Strona 1 z 1

Nastaw cukrowy

: sobota, 26 lis 2011, 23:42
autor: amade
Witam
Mam takie dość głupie pytanie, według mnie przynajmniej, ale nie daje mi to spokoju. W zeszłym roku strasznie zachciało mi się zrobić bimber i zrobiłem cukrówkę, wszystko ładnie szło, fermentacja trochę późno się zaczęła, ale to z mojej winy, bo źle przygotowałem drożdże winne, ale jak już ruszyła to ładnie szło. Fermentacja się skończyła i tak już zostało. Nastaw stoi do tej pory i moje pytanie brzmi: czy taki nastaw można destylować po tak długim czasie ? W najbliższym czasie prawdopodobnie zdobędę odpowiednią aparaturę do destylacji i dlatego pytam znawców, czy w ogóle warto się za to brać, czy może mi to zaszkodzić ? Bardzo proszę o pomoc :) i dziękuje.

Re: Nastaw cukrowy

: niedziela, 27 lis 2011, 01:00
autor: Zygmunt
Jak nie wali octem, to masz całkiem ładnie sklarowane i wyleżakowane "wino cukrowe". Można przerabiać :)

Re: Nastaw cukrowy

: niedziela, 27 lis 2011, 11:42
autor: Brzydal
JA bym na Twoim miejscu odciągną go z nad zdechłych drożdży.

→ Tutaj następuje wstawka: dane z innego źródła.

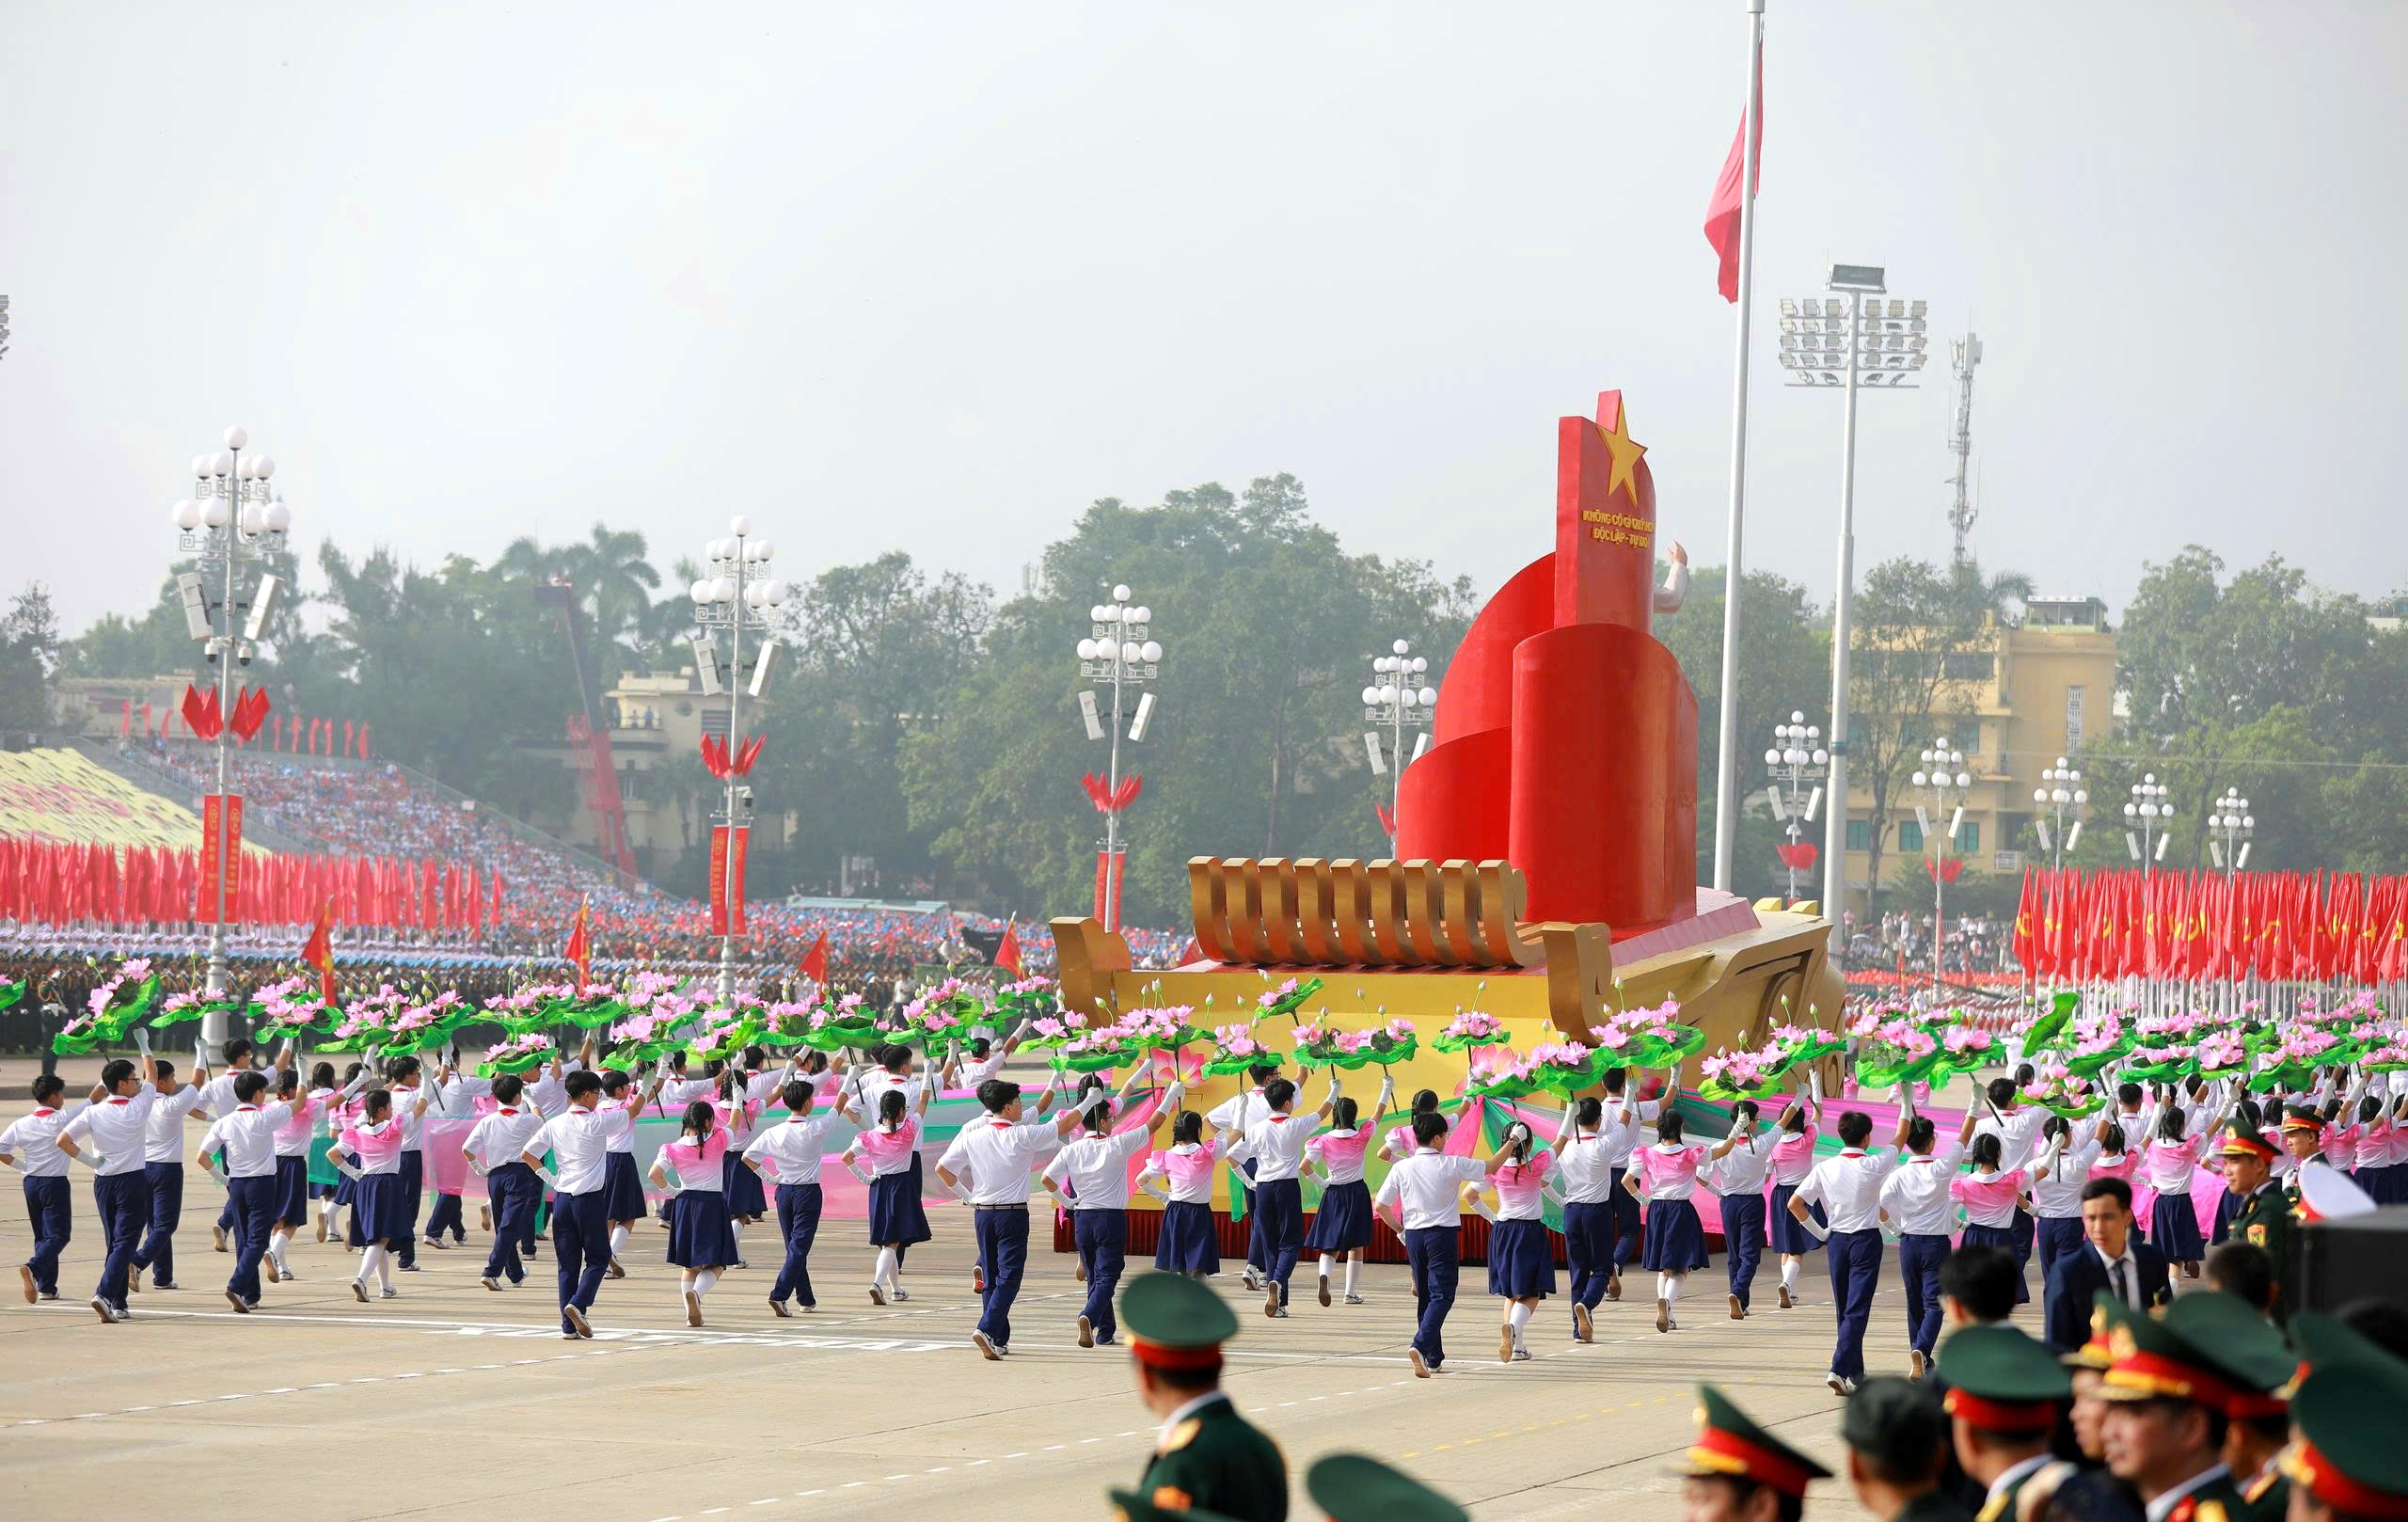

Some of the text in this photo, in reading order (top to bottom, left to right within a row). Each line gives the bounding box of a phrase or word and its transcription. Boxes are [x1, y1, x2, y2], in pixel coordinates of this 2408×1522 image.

[1582, 509, 1611, 525] KHÔNG
[1611, 513, 1624, 527] CÓ
[1593, 526, 1610, 542] ĐỘC
[1610, 529, 1625, 545] LẬP

Bo stał już nad nimi długo, a nie wiesz jak długo jeszcze będzie stał.

Re: Nastaw cukrowy

: niedziela, 27 lis 2011, 12:26
autor: skarabelusz
Nastawy stojące strasznie długo nie tracą na niczym. Jednak czasami jak jest to nastaw owocowy potrafi powstać ocet, mimo to podczas destylacji alkohol i tak leci. W smaku alkohol zrobiony ze zoctowanego nastawu ma posmak gorzki który znika podczas drugiej destylacji. U mnie nastawy swego czasu potrafiły stać do roku czasu. Były to nastawy owocowo-cukrowe, które w smaku przypominały rozwodniony ocet winny.

Re: Nastaw cukrowy

: niedziela, 27 lis 2011, 15:14
autor: Brzydal
Tak tylko ocet robi się z alkoholu i powietrza min. dlatego szkoda by tracić % dla octu który wylejemy do ścieków. Wino tez zlewamy jak najszybciej znad osadu by nie popsuł się smak.

Re: Nastaw cukrowy

: niedziela, 27 lis 2011, 22:32
autor: Wald
skarabelusz pisze:Nastawy stojące strasznie długo nie tracą na niczym.
...jak jest to nastaw owocowy potrafi powstać ocet,
Potrafią zaśmierdnąć tzw. myszą, i równie okropnie smakują. Sklarowane, ściągnięte z nad osadu, w zamkniętym naczyniu mogą stać i czekać na aparaturę do woli.
Do zaoctowania owoce nie są konieczne. Wystarczy słaby alkohol, właśnie taki jak w nastawie cukrowym, oraz dostęp dla bakterii octowych.

Re: Nastaw cukrowy

: poniedziałek, 28 lis 2011, 20:47
autor: amade
Dzięki wielkie za pomoc, jak pojawię się w domu to odciągnę to do jakiejś butelki i niech sobie czeka na aparaturę :)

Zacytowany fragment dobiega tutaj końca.